Tent City Quilt
Elizabeth Lilian Neilson Mitchell lived in Melbourne, Australia at the turn of the 20th Century with her husband and eight children in a small two bedroom cottage. Her husband worked for a fabric manufacturer and would bring hope small samples for Elizabeth to stitch.
Maybe it was the twinge of jealousy at a constant supply of new fabric samples. Perhaps the memory of our two bedroom cottage last year that forced negotiation and creativity to live there peacefully and comfortably. Or maybe it was just the fresh peaches and cream and the occasional blues in her quilt made in 1900, that felt so modern and inviting. Whatever the reason, this quilt, featured in Annette Gero's Fabric of Society, a delicious book of Australian historic quilts, sung to me, calling for a reproduction.
This quilt reminded me how much I love throwing scraps of fabric at my machine and seeing what it becomes. I started with my Wild and Free triangle scraps from my Mountain Campfire quilt, some Petal and Plume scraps by Bari J, added the paler Wanderer prints by April Rhodes and the entire line of Skopellos by Katarina Roccella. I cut rectangles 4" x 6", and then in half diagonally, and then sewed them back together at random. The half square triangles are 4.5" and 3". I sewed the rectangles together in long rows and then cut them to around 80", purposefully offsetting the points.
I was tempted to lay this one out on my design wall and put more thought into colour layout, but I decided against it, and I'm so glad I did. Since putting up my design wall this year, investing in a grid book, and then recently, EQ7, many of my quilts have been heavily planned, consuming more time and thought in the process. If I wanted this one to look scrappy, I needed to trust it to the scrappy way. And what a relaxing, smooth way that is. It's amazing how easy it is to keep stepping back to the machine in the little moments when the decisions have already been made, when all that is required for layout is to keep on stitching. The three quilts I'm working on currently are all big decision quilts. Lots of stopping and starting. Lots of staring and thinking. And they'll be worth it in the end, I'm sure. But there was a special kind of joy in this one. It's good to remember the choice to go simple isn't a compromise.

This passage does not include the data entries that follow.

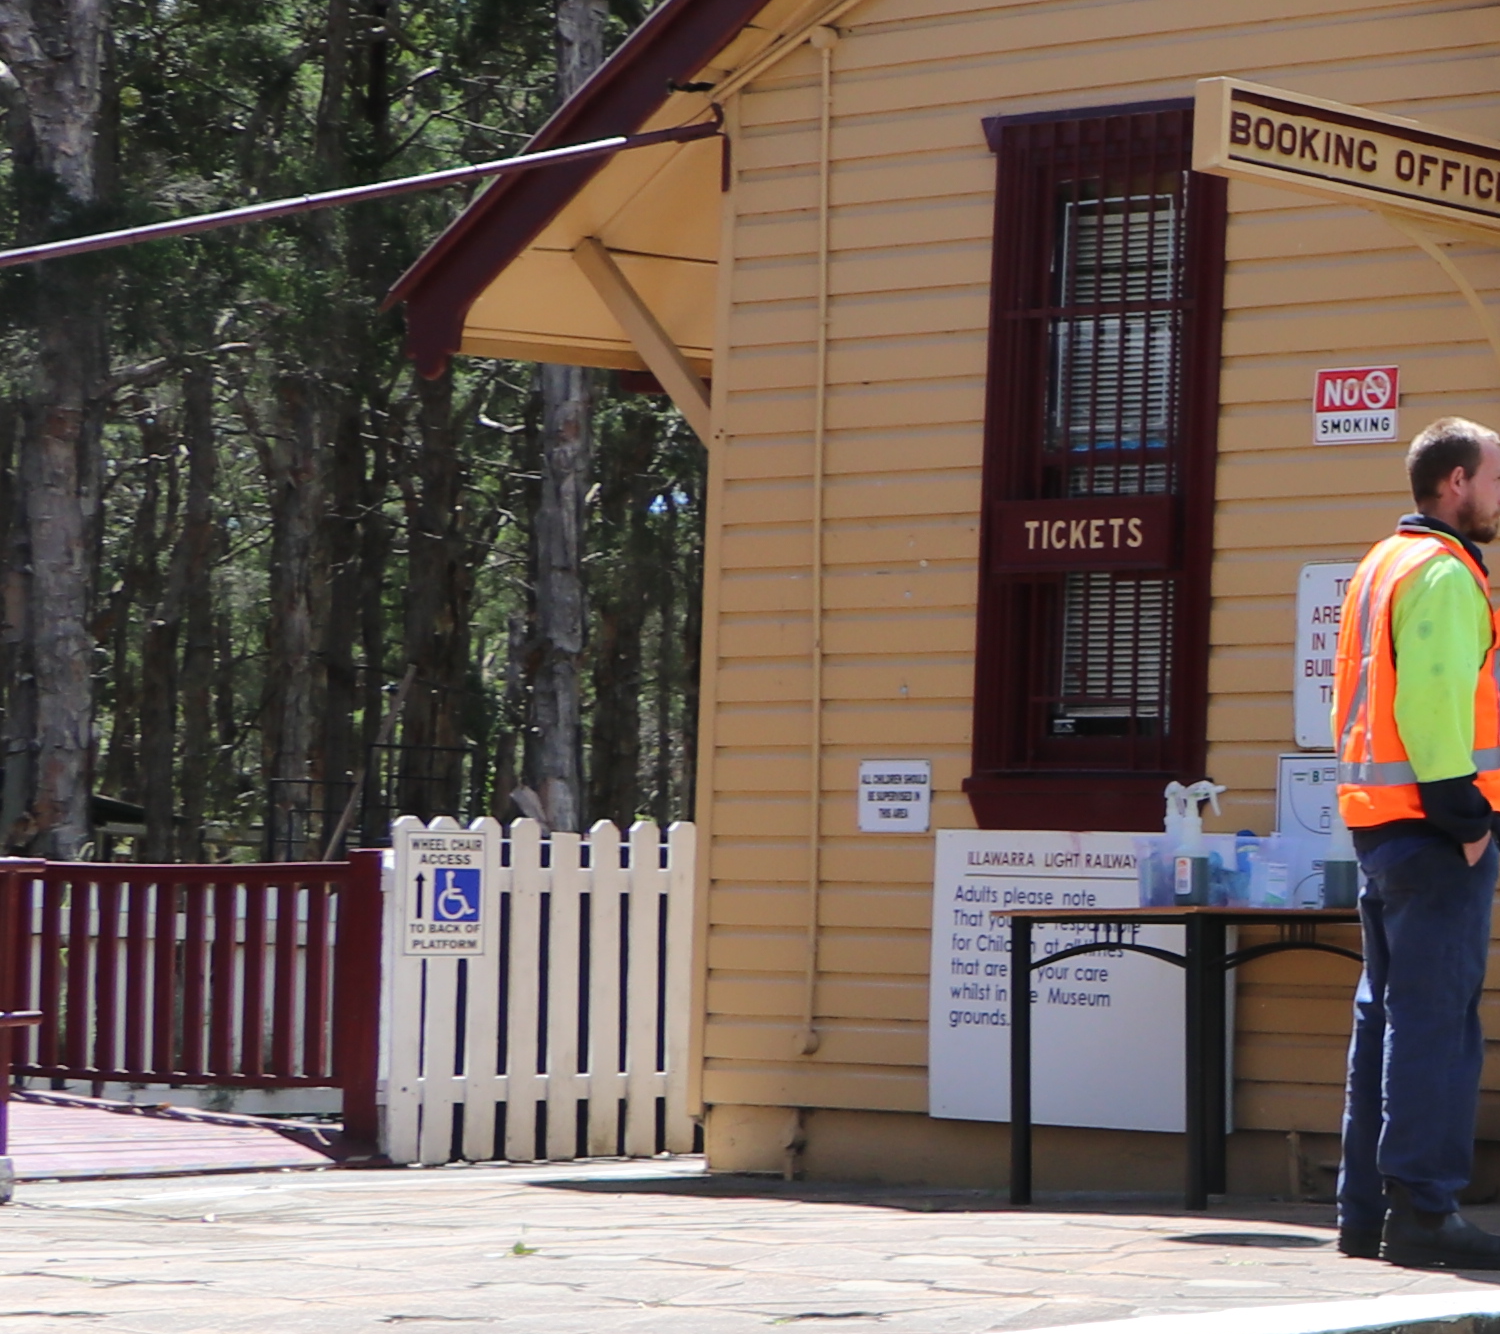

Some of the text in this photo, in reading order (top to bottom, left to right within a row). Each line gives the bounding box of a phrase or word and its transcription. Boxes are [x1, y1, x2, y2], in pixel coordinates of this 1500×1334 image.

[1230, 110, 1378, 172] BOOKING
[1323, 378, 1360, 407] NO
[1321, 416, 1390, 434] SMOKING
[1024, 517, 1143, 550] TICKETS
[1312, 632, 1326, 651] IN
[411, 838, 482, 851] WHEEL CHAIR
[420, 854, 471, 865] ACCESS
[967, 851, 1138, 869] ILLAWARRA LIGHT RAILWAY
[954, 885, 1096, 907] Adults please note
[953, 909, 984, 928] That
[410, 924, 480, 933] TO BACK OF
[412, 939, 477, 949] PLATFORM
[952, 933, 971, 951] for
[1044, 938, 1059, 955] at
[951, 958, 1108, 984] that are your care
[950, 983, 990, 1002] whilst
[995, 986, 1008, 1003] in
[1047, 988, 1112, 1008] Museum
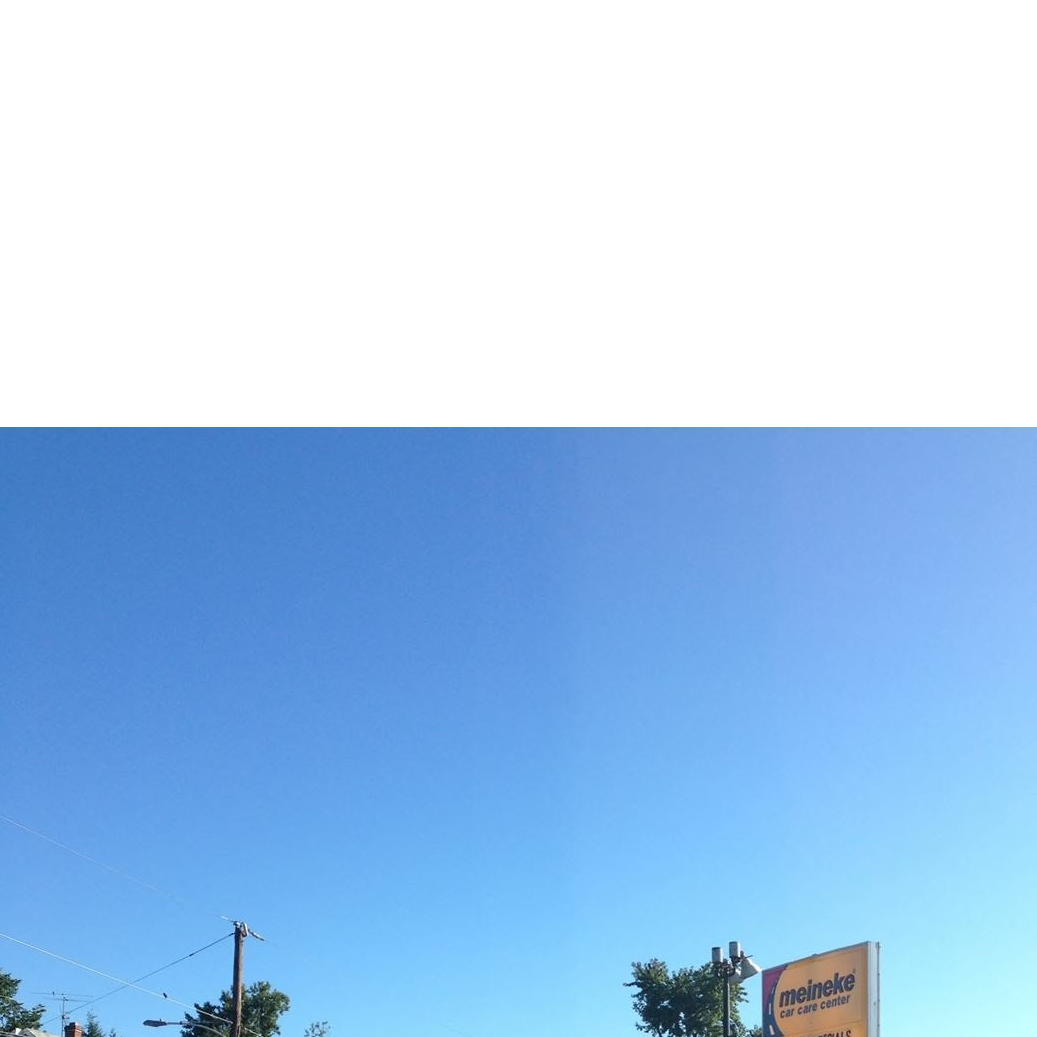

Elizabeth's children slept in tents in the backyard, hence the name Tent City. I laughed out loud when I read that, thinking of how child services would never allow it today. So much of my brain goes in to wondering if my children are happy, growing, going to turn out OK. Did we make the right decision to homeschool? Do I pay them enough attention? Will they inherit my love of colour, or my complete indifference to cooking and housework and gardening? I wonder if Elizabeth ever wondered the same things, kissing her children goodnight under the stars. Did it occur to mothers in the 1900s?
Having this quilt turn out so beautifully has reminded and reassured me that in the end I don't have have a whole lot of control over the decisions they'll make in the future or the people they'll want to be, all I can do is keep throwing in the right colours, and be so, so thankful for this big old house in the country, and pray the scrappy way works its magic.